The most common cybersecurity flaws in retail companies include:
- The human factor, such as employees with little experience or IT security awareness, which means a greater likelihood that they will open phishing emails, especially CEO fraud type emails.
- Technology problems. Hardware – such as point of sale (POS) terminals – used within shops can suffer from a series of vulnerabilities that allow attackers to steal credit card data from clients before it is encrypted.
- Antiquated, obsolete systems, due to the limited funds that are available to dedicate to updating them.
- Geographical dispersion is another obstacle when it comes to updating these systems, since companies have premises in many different locations. Here the challenge is to update systems in many different places without compromising the company’s efficiency.
Case study: Ur&Penn
UR&Penn is a retailer of jewelry and other accessories. It has 121 stores, and a long-term plan to open another 80 stores around Sweden. Of its existing stores, nine are located in Finland. The 158 cashiers that make up the business in Sweden and Finland are at different distances from the headquarters in Upplands Väsby in the northern Stockholm area.
With this ambitious growth plan, as much as possible of the IT environment needs to be automated, and there are great advantages for Ur&Penn if the IT solutions that are chosen can easily be added to each new store that opens.
A distributed environment with the network of stores around Sweden and Finland requires a plan to be operated in the best way; this plan was drawn up by Emir Saffar, who has been IT manager at Ur&Penn since 2012.
The cash registers in each store are computers where employees can browse the Internet, receive emails, read documents, and, of course, help customers to make purchases.
And, although employees don’t intentionally make IT mistakes, it is worth remembering that they tend to be the weakest link in a company’s security chain, liable to fall victim to social engineering, among other cyberthreats. Surfing the Internet, managing email, and using applications can all be possible sources of a cyberattack. And it is important to remember that any downtime in a company due to a security incident can lead to large losses of income, as well as loss of customer trust.
Unpatched computers – or in the case of Ur&Penn, cash registers – are easy targets for malicious hackers. It is therefore important to protect this asset in any company security policy.
99.96% of active vulnerabilities in organizations are related to a lack of certain patches; one common misconception is that Microsoft, Windows and other programs update automatically. This is rarely the case.
Emir Saffar realized that, in order to operate the various stores, it was necessary to patch the systems in all the stores remotely and efficiently. After many years using Windows Update, which meant that many computers had to be shut down, and many did not receive critical security patches, he decided to look for a solution.
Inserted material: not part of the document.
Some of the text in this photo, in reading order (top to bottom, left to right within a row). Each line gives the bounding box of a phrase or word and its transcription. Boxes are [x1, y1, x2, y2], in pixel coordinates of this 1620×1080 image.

Without a patch management tool, it was hard to keep track of which computers had received which patches. When installing patches was the responsibility of the employees, computers were often left unpatched, since they closed the warnings about programs that needed updating. What’s more, the employees would often have to restart their computers to install updates – something that could lead to a loss of income.
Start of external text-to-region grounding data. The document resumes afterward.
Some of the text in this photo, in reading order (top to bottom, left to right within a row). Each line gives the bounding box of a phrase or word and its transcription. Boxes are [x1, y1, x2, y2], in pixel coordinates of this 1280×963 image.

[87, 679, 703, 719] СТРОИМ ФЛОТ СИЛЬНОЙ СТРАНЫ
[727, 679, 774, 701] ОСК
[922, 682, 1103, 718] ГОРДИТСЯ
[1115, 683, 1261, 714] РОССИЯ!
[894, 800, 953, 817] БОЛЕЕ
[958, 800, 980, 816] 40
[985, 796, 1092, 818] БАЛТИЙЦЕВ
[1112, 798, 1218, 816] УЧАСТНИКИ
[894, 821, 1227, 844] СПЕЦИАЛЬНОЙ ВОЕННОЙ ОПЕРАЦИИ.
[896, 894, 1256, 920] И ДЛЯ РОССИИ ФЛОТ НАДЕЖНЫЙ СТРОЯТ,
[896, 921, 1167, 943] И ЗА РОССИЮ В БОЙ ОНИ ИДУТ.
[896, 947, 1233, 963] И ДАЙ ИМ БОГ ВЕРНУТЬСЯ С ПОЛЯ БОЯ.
Emir Saffar tried several patch management solutions in order to find the right one. Ur&Penn already had Panda Adaptive Defense installed, so Emir contacted Benny Jonasson, his sales contact at Panda Sweden. Benny told his that Ur&Penn could become the first customer in Sweden to try the latest Panda Adaptive Defense module: Patch Management.
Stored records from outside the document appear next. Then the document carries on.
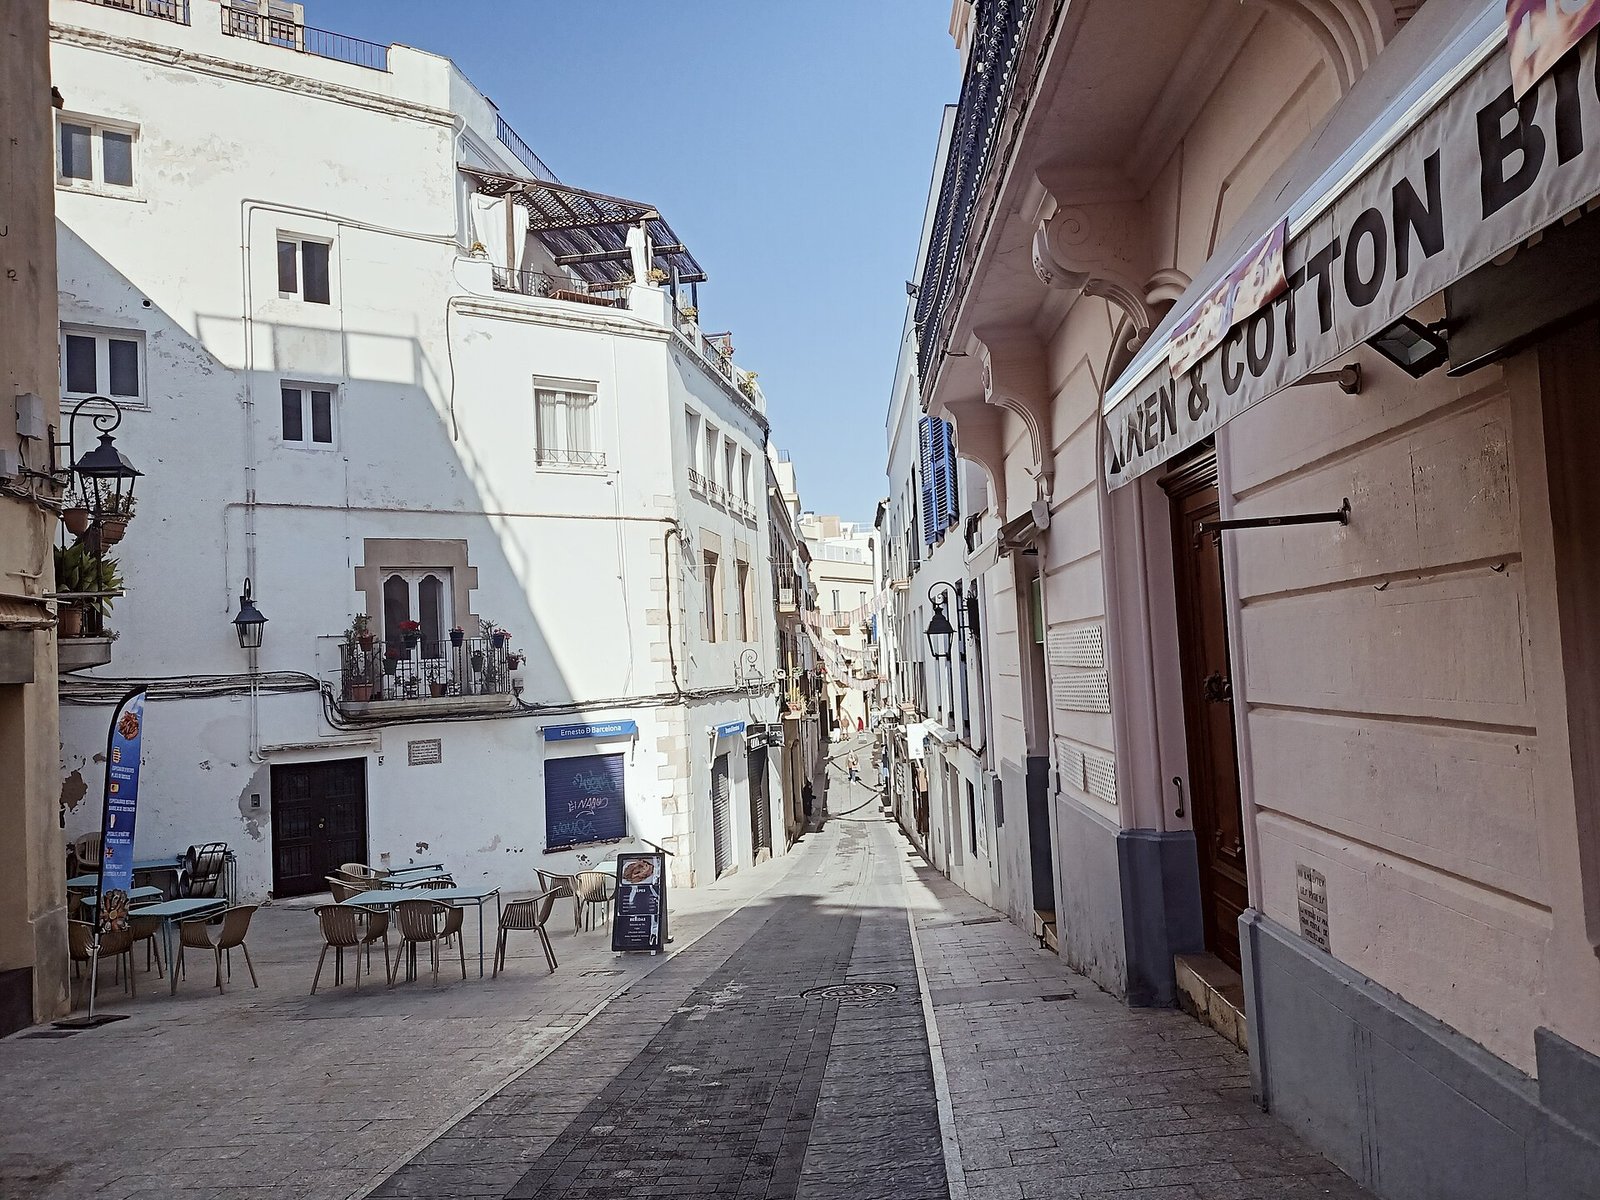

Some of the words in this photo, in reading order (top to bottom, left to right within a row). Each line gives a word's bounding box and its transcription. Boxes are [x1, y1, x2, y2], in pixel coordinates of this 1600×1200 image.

[1187, 363, 1210, 421] &
[1220, 148, 1447, 396] COTTON
[1475, 26, 1600, 221] BI
[560, 728, 585, 737] Ernesto
[591, 725, 622, 734] Barcelona
When this module was applied – with no additional installations, since Adaptive Defense was already deployed on the network – Saffar could immediately see which patches hadn’t been installed. The module also provides classification of all the available patches: “critical”, “important” and “necessary”. This allows Saffar to set the priority order in which they need to be applied.
One advantage of this module is the fact that most ‘regular’ software is supported, which covers the organization’s needs, since it does not use proprietary software.
With Patch Management, Ur&Penn can organize patches and schedule their installation for when the stores are closed, and thus avoid interrupting business. Everything can be seen: both everything that is going on, and the patches that haven’t been installed. The solution is simple, but highly stable, which makes it very hard to make mistakes.
In the words of Saffar: “PAD360 is an extremely good protection. So far, we have had no problem with either malware or incidents in the programs. Nothing has happened. With the Patch Management module, the security of the applications is further tightened and the functionality up to date; it is simple but works like a clock.”
Reports on which programs have been patched and which computers and services have been patched and updated are easy to take out. In summary, Saffar is of the opinion that it is a very simple service, which fully fulfills its function.